Recorded information:
▼
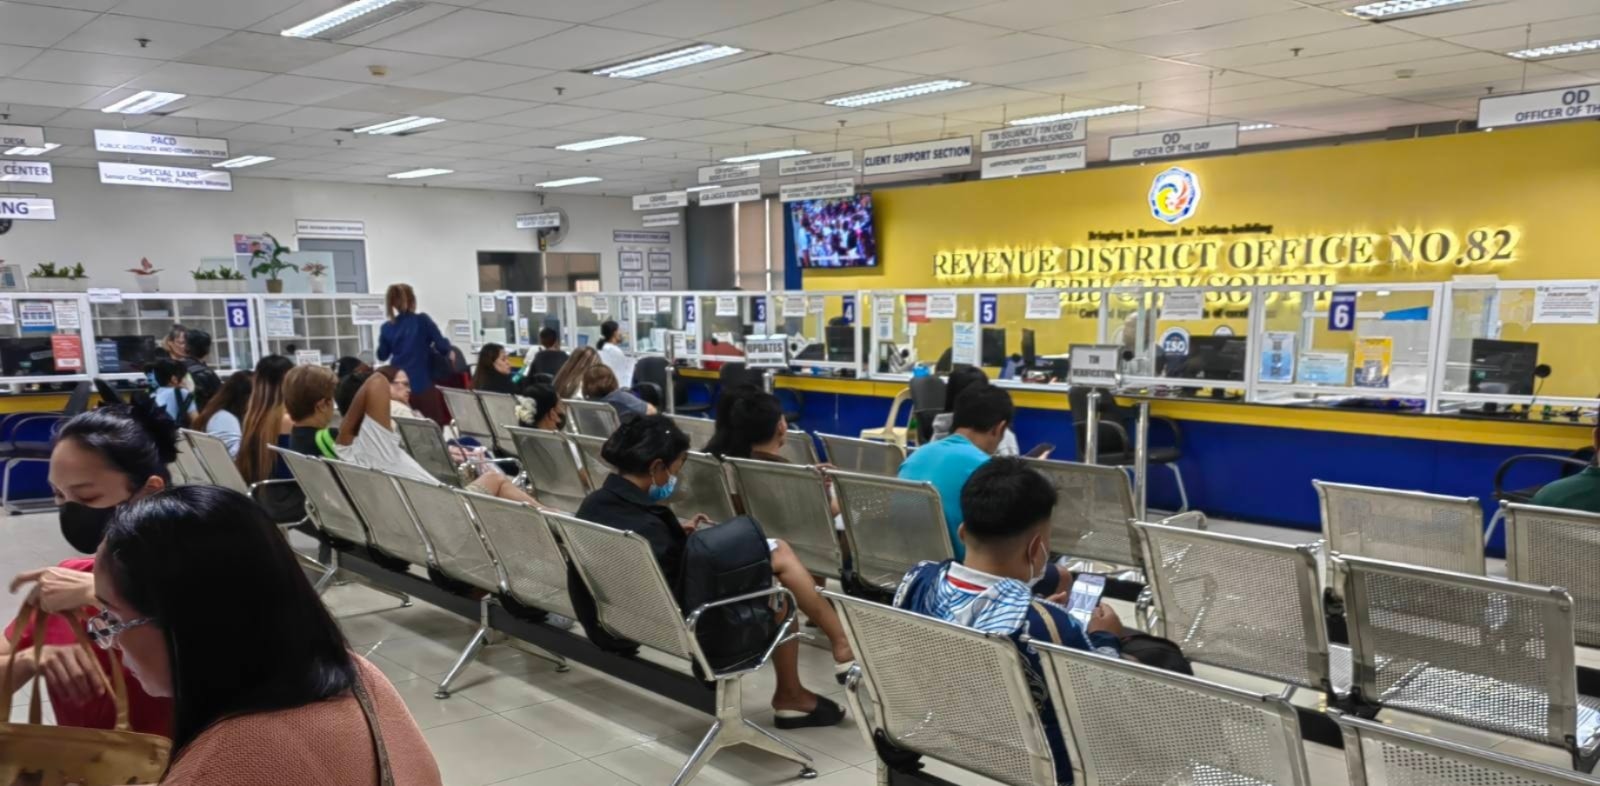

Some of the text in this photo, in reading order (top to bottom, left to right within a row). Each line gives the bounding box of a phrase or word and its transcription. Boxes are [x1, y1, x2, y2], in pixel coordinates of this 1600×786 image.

[1562, 89, 1590, 106] OD
[1515, 107, 1563, 122] OFFICER
[1566, 105, 1583, 117] OF
[151, 136, 177, 145] PACD
[1162, 133, 1181, 145] OD
[864, 145, 970, 167] CLIENT SUPPORT SECTION
[1133, 142, 1210, 158] OFFICER OF THE DAY
[3, 164, 49, 176] CENTER
[138, 167, 198, 179] SPECIAL LANE
[0, 201, 29, 215] NG
[932, 248, 1056, 276] REVENUE
[1066, 241, 1218, 273] DISTRICT
[1228, 234, 1374, 269] OFFICE
[232, 308, 245, 326] 8
[687, 305, 694, 320] 2
[758, 304, 765, 320] 3
[844, 304, 853, 321] 4
[983, 304, 993, 322] 5
[1334, 304, 1349, 328] 6
[747, 343, 783, 353] UPDATES
[1165, 340, 1186, 352] ISO
▲
Transcribe each entry above character for character, omitting pictures.

Some of the text in this photo, in reading order (top to bottom, left to right within a row). Each line gives the bounding box of a phrase or word and its transcription. Boxes are [x1, y1, x2, y2], in pixel coordinates of this 1600×786 image.

[1562, 89, 1590, 106] OD
[1515, 107, 1563, 122] OFFICER
[1566, 105, 1583, 117] OF
[151, 136, 177, 145] PACD
[1162, 133, 1181, 145] OD
[864, 145, 970, 167] CLIENT SUPPORT SECTION
[1133, 142, 1210, 158] OFFICER OF THE DAY
[3, 164, 49, 176] CENTER
[138, 167, 198, 179] SPECIAL LANE
[0, 201, 29, 215] NG
[932, 248, 1056, 276] REVENUE
[1066, 241, 1218, 273] DISTRICT
[1228, 234, 1374, 269] OFFICE
[232, 308, 245, 326] 8
[687, 305, 694, 320] 2
[758, 304, 765, 320] 3
[844, 304, 853, 321] 4
[983, 304, 993, 322] 5
[1334, 304, 1349, 328] 6
[747, 343, 783, 353] UPDATES
[1165, 340, 1186, 352] ISO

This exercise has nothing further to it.